**Exercise details:**
Output the complete listing exactly.

--- Given entries Enclosed Below ---

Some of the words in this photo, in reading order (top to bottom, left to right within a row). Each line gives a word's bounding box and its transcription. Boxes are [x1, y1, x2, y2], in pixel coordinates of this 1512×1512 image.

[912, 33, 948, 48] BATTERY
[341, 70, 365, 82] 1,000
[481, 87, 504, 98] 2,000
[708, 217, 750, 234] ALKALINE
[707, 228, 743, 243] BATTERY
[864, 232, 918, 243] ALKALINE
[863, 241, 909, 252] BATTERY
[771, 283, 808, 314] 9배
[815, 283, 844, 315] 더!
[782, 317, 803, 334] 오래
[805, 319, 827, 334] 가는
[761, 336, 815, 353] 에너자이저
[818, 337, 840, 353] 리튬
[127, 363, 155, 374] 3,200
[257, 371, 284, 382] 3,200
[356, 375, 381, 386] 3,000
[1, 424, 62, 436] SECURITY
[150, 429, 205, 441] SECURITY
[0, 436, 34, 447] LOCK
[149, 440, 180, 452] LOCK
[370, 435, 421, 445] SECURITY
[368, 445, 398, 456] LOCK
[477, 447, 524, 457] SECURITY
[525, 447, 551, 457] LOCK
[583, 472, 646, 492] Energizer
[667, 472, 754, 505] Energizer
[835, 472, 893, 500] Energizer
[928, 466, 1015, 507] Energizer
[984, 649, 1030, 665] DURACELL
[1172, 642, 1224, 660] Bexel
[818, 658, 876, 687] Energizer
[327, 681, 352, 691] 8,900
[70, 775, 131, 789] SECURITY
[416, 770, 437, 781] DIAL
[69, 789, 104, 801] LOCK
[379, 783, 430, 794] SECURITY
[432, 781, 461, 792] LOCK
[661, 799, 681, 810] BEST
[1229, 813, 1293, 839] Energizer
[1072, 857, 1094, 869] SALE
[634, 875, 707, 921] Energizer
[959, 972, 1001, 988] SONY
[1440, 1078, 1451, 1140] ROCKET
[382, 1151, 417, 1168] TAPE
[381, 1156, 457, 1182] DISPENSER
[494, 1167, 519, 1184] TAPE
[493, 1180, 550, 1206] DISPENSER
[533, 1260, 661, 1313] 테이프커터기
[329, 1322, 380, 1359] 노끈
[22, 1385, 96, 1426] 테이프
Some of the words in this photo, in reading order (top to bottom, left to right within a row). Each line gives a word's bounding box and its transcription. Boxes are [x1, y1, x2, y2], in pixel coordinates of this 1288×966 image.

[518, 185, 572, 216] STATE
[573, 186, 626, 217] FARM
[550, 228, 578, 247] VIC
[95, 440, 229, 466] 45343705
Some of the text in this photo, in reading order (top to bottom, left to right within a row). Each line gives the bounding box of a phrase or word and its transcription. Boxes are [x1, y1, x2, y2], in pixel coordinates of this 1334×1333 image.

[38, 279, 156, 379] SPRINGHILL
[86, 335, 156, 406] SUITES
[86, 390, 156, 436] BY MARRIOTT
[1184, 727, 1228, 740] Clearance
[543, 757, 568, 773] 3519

--- End of Enclosed Given entries ---

**Answer space:**
Some of the words in this photo, in reading order (top to bottom, left to right within a row). Each line gives a word's bounding box and its transcription. Boxes are [x1, y1, x2, y2], in pixel coordinates of this 1512×1512 image.

[912, 33, 948, 48] BATTERY
[341, 70, 365, 82] 1,000
[481, 87, 504, 98] 2,000
[708, 217, 750, 234] ALKALINE
[707, 228, 743, 243] BATTERY
[864, 232, 918, 243] ALKALINE
[863, 241, 909, 252] BATTERY
[771, 283, 808, 314] 9배
[815, 283, 844, 315] 더!
[782, 317, 803, 334] 오래
[805, 319, 827, 334] 가는
[761, 336, 815, 353] 에너자이저
[818, 337, 840, 353] 리튬
[127, 363, 155, 374] 3,200
[257, 371, 284, 382] 3,200
[356, 375, 381, 386] 3,000
[1, 424, 62, 436] SECURITY
[150, 429, 205, 441] SECURITY
[0, 436, 34, 447] LOCK
[149, 440, 180, 452] LOCK
[370, 435, 421, 445] SECURITY
[368, 445, 398, 456] LOCK
[477, 447, 524, 457] SECURITY
[525, 447, 551, 457] LOCK
[583, 472, 646, 492] Energizer
[667, 472, 754, 505] Energizer
[835, 472, 893, 500] Energizer
[928, 466, 1015, 507] Energizer
[984, 649, 1030, 665] DURACELL
[1172, 642, 1224, 660] Bexel
[818, 658, 876, 687] Energizer
[327, 681, 352, 691] 8,900
[70, 775, 131, 789] SECURITY
[416, 770, 437, 781] DIAL
[69, 789, 104, 801] LOCK
[379, 783, 430, 794] SECURITY
[432, 781, 461, 792] LOCK
[661, 799, 681, 810] BEST
[1229, 813, 1293, 839] Energizer
[1072, 857, 1094, 869] SALE
[634, 875, 707, 921] Energizer
[959, 972, 1001, 988] SONY
[1440, 1078, 1451, 1140] ROCKET
[382, 1151, 417, 1168] TAPE
[381, 1156, 457, 1182] DISPENSER
[494, 1167, 519, 1184] TAPE
[493, 1180, 550, 1206] DISPENSER
[533, 1260, 661, 1313] 테이프커터기
[329, 1322, 380, 1359] 노끈
[22, 1385, 96, 1426] 테이프
Some of the words in this photo, in reading order (top to bottom, left to right within a row). Each line gives a word's bounding box and its transcription. Boxes are [x1, y1, x2, y2], in pixel coordinates of this 1288×966 image.

[518, 185, 572, 216] STATE
[573, 186, 626, 217] FARM
[550, 228, 578, 247] VIC
[95, 440, 229, 466] 45343705
Some of the text in this photo, in reading order (top to bottom, left to right within a row). Each line gives the bounding box of a phrase or word and its transcription. Boxes are [x1, y1, x2, y2], in pixel coordinates of this 1334×1333 image.

[38, 279, 156, 379] SPRINGHILL
[86, 335, 156, 406] SUITES
[86, 390, 156, 436] BY MARRIOTT
[1184, 727, 1228, 740] Clearance
[543, 757, 568, 773] 3519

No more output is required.